Et d’abord, cette décadence est-elle si marquée qu’elle soit incontestable ? Question délicate, à laquelle il n’est pas aisé de répondre, car c’est juger d’un seul coup bien des œuvres et bien des hommes. Si pourtant je jette les yeux sur cet Institut, si je compte et si je pèse les noms qui l’honorent, il ne me semble point que, dans la première moitié de ce siècle, l’esprit français soit en perte, ni que la nation ait laissé sans accroissement sa gloire littéraire, ce noble héritage qui, plus inviolable que notre grandeur matérielles est à l’abri de tout caprice du sort ; car, si nous pouvons malheureusement cesser d’y ajouter, aucune faute du moins n’est capable de nous le ravir. Cet héritage s’est cependant accru pendant la première moitié de ce siècle, surtout pendant les dernières années de la Restauration et les premières années du gouvernement de Juillet, et l’on ne peut certainement prétendre que la politique faisait alors silence pour venir en aide aux lettres. Si, d’autre part, on veut chercher plus près de nous des signes plus visibles de cet affaiblissement littéraire, et s’en tenir aux vingt dernières années, comment éviter alors de reconnaître que c’est précisément pendant le silence de la politique que cette langueur des lettres aurait commencé ? Ce silence a-t-il été fécond ? La politique s’était retirée et avait laissé la place vide ; cette place, qui l’a prise ? est-ce la passion des lettres ? Non certes. Nous savons tous, Messieurs, quelles passions moins hautes et moins pures se sont aussitôt donné carrière.

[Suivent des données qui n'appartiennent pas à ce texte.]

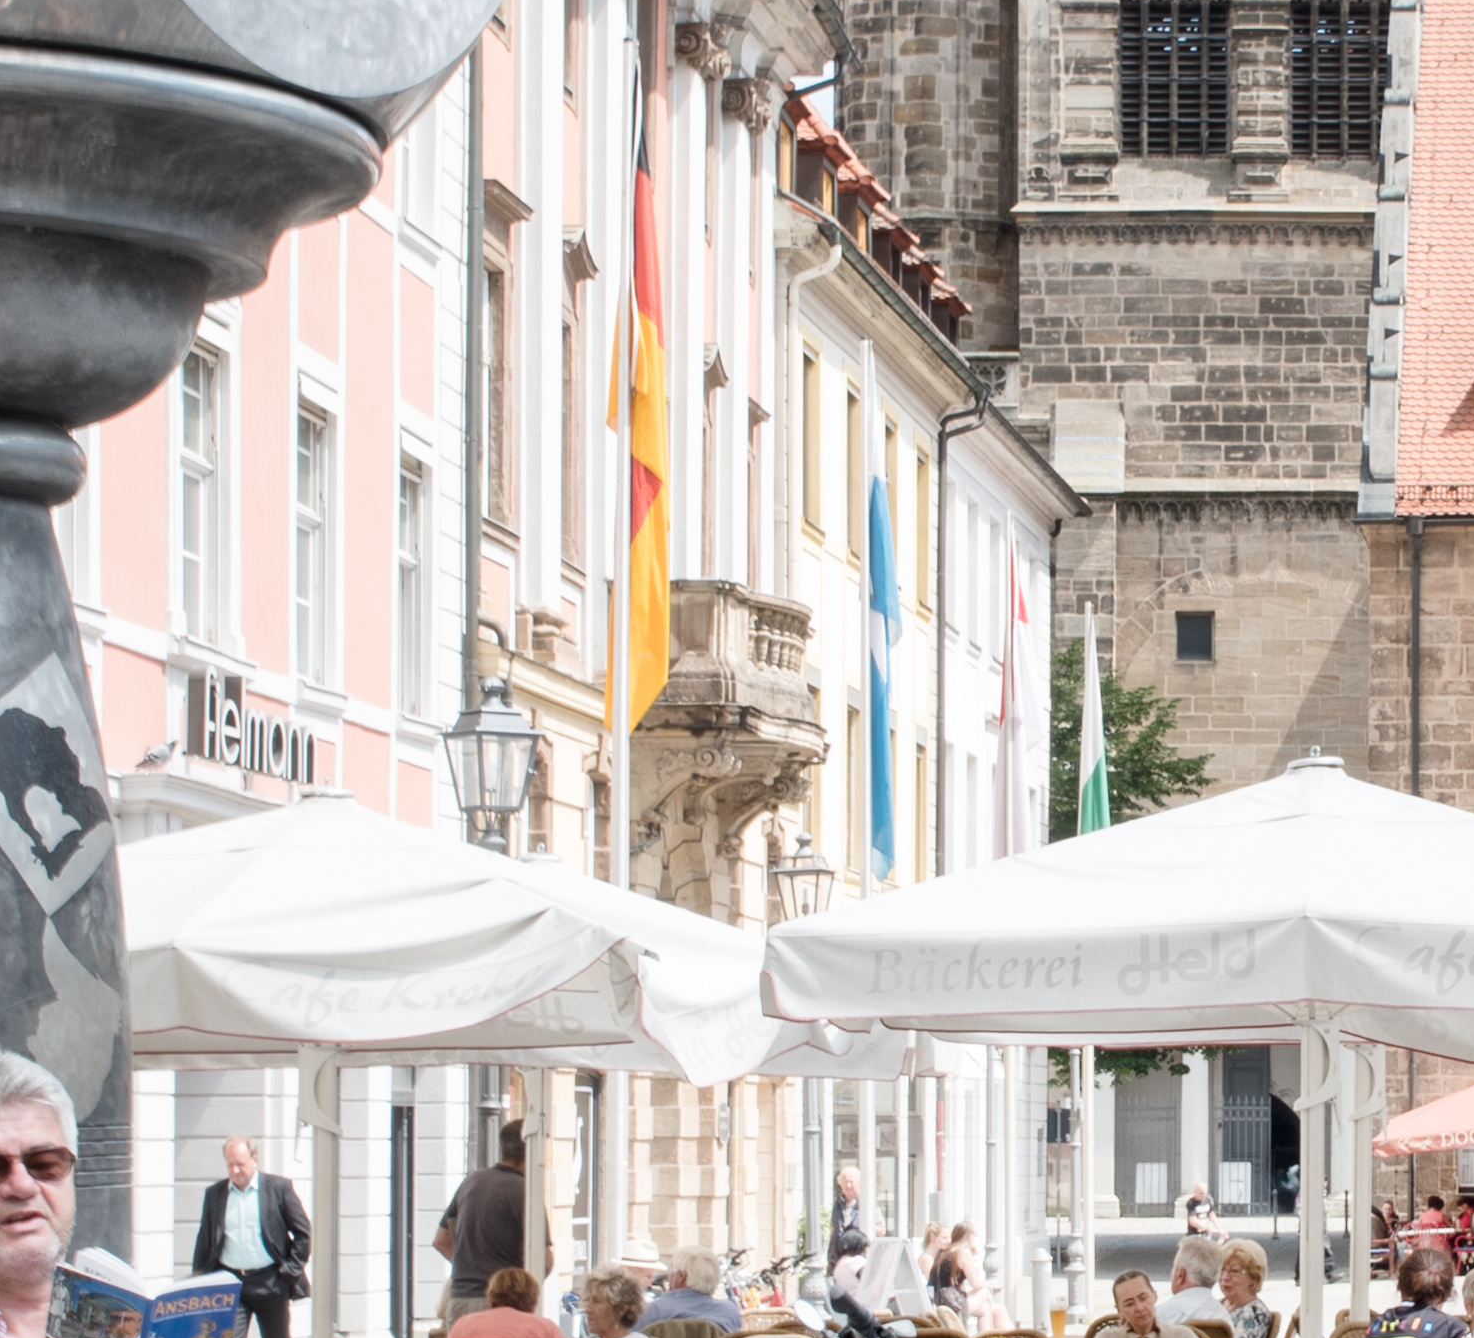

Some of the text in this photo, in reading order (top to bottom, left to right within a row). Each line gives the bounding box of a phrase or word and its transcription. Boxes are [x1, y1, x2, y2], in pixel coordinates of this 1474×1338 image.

Comment expliquerait-on d’ailleurs cet antagonisme entre la politique et les lettres ? Il suffit d’un peu de réflexion pour voir qu’il existe, au contraire, entre la politique et les lettres un échange perpétuel et inévitable de secours et de services. La politique, qui est, après tout, l’art de n’employer que la moindre force nécessaire pour la conduite des affaires humaines, et d’agir sur la volonté par la puissance de la raison, n’est-elle pas amenée à emprunter sans cesse à l’art de parler et d’écrire les moyens de persuader, qui sont tous du ressort des lettres ? Et, par un juste retour, elle a enrichi le domaine des lettres de quelques-unes des plus grandes œuvres qui aient encore honoré l’esprit humain.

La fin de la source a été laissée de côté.